PROBLEM REQUIREMENTS:
The goal is to restate all of the records below word for word.

DATA EXCERPTS:
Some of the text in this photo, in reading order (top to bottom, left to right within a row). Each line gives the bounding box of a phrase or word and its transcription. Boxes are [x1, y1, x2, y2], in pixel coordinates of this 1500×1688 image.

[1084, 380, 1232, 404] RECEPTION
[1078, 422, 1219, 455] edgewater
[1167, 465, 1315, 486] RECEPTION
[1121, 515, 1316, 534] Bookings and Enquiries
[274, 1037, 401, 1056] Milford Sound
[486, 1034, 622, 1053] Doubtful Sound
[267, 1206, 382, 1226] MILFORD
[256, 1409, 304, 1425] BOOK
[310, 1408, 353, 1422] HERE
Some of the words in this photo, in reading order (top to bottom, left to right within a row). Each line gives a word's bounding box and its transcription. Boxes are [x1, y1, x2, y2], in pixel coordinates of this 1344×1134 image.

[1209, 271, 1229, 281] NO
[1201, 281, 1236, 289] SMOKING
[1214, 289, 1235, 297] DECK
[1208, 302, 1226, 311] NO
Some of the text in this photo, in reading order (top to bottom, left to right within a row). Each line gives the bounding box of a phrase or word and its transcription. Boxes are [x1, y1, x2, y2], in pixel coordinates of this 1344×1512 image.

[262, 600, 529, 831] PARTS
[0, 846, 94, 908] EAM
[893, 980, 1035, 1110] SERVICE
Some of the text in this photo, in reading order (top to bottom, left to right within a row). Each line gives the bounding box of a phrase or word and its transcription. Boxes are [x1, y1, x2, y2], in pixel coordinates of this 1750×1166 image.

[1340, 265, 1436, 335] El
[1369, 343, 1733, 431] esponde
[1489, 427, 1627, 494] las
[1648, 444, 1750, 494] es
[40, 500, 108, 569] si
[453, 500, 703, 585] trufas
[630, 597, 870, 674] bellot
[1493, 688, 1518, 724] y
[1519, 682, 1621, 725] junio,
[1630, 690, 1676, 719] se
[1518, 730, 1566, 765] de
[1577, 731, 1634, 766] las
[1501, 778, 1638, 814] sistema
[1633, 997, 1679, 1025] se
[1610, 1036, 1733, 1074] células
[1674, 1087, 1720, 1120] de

SOLUTION FOR THIS PROBLEM:
Some of the text in this photo, in reading order (top to bottom, left to right within a row). Each line gives the bounding box of a phrase or word and its transcription. Boxes are [x1, y1, x2, y2], in pixel coordinates of this 1500×1688 image.

[1084, 380, 1232, 404] RECEPTION
[1078, 422, 1219, 455] edgewater
[1167, 465, 1315, 486] RECEPTION
[1121, 515, 1316, 534] Bookings and Enquiries
[274, 1037, 401, 1056] Milford Sound
[486, 1034, 622, 1053] Doubtful Sound
[267, 1206, 382, 1226] MILFORD
[256, 1409, 304, 1425] BOOK
[310, 1408, 353, 1422] HERE
Some of the words in this photo, in reading order (top to bottom, left to right within a row). Each line gives a word's bounding box and its transcription. Boxes are [x1, y1, x2, y2], in pixel coordinates of this 1344×1134 image.

[1209, 271, 1229, 281] NO
[1201, 281, 1236, 289] SMOKING
[1214, 289, 1235, 297] DECK
[1208, 302, 1226, 311] NO
Some of the text in this photo, in reading order (top to bottom, left to right within a row). Each line gives the bounding box of a phrase or word and its transcription. Boxes are [x1, y1, x2, y2], in pixel coordinates of this 1344×1512 image.

[262, 600, 529, 831] PARTS
[0, 846, 94, 908] EAM
[893, 980, 1035, 1110] SERVICE
Some of the text in this photo, in reading order (top to bottom, left to right within a row). Each line gives the bounding box of a phrase or word and its transcription. Boxes are [x1, y1, x2, y2], in pixel coordinates of this 1750×1166 image.

[1340, 265, 1436, 335] El
[1369, 343, 1733, 431] esponde
[1489, 427, 1627, 494] las
[1648, 444, 1750, 494] es
[40, 500, 108, 569] si
[453, 500, 703, 585] trufas
[630, 597, 870, 674] bellot
[1493, 688, 1518, 724] y
[1519, 682, 1621, 725] junio,
[1630, 690, 1676, 719] se
[1518, 730, 1566, 765] de
[1577, 731, 1634, 766] las
[1501, 778, 1638, 814] sistema
[1633, 997, 1679, 1025] se
[1610, 1036, 1733, 1074] células
[1674, 1087, 1720, 1120] de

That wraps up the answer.